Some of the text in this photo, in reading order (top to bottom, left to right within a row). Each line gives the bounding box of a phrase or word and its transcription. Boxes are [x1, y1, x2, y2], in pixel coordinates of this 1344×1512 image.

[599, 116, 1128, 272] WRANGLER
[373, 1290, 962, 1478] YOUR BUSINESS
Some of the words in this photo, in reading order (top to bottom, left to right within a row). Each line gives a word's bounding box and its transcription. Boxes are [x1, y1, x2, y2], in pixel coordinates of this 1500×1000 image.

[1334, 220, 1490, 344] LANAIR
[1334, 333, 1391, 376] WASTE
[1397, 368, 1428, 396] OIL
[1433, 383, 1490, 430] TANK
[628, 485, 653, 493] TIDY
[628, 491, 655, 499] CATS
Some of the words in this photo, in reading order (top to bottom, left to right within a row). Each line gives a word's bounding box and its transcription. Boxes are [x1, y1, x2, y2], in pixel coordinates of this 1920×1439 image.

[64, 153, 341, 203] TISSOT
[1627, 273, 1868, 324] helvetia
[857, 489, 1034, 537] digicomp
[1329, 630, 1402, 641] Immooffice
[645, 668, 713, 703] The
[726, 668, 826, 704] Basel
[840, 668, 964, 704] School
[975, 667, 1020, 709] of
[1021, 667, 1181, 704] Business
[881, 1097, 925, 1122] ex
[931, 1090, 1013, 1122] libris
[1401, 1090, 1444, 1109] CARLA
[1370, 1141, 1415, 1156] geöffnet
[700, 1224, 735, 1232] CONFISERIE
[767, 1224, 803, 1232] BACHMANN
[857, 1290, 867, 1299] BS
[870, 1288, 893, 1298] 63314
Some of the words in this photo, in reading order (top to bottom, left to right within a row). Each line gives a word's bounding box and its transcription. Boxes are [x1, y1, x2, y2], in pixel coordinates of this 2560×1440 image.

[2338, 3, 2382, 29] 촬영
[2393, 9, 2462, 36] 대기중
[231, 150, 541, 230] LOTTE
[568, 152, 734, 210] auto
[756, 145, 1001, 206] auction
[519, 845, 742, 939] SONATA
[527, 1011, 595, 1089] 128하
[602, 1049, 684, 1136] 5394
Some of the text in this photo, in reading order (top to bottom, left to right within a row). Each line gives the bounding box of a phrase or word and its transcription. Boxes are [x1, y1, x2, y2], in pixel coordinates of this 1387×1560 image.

--*--

▶ **What is required**: Beginning with the line that contains "this 2560×1440 image.", set down every line through the end of the data without change.

▶ **Output of the exercise**:
Some of the words in this photo, in reading order (top to bottom, left to right within a row). Each line gives a word's bounding box and its transcription. Boxes are [x1, y1, x2, y2], in pixel coordinates of this 2560×1440 image.

[2338, 3, 2382, 29] 촬영
[2393, 9, 2462, 36] 대기중
[231, 150, 541, 230] LOTTE
[568, 152, 734, 210] auto
[756, 145, 1001, 206] auction
[519, 845, 742, 939] SONATA
[527, 1011, 595, 1089] 128하
[602, 1049, 684, 1136] 5394
Some of the text in this photo, in reading order (top to bottom, left to right within a row). Each line gives the bounding box of a phrase or word and its transcription. Boxes are [x1, y1, x2, y2], in pixel coordinates of this 1387×1560 image.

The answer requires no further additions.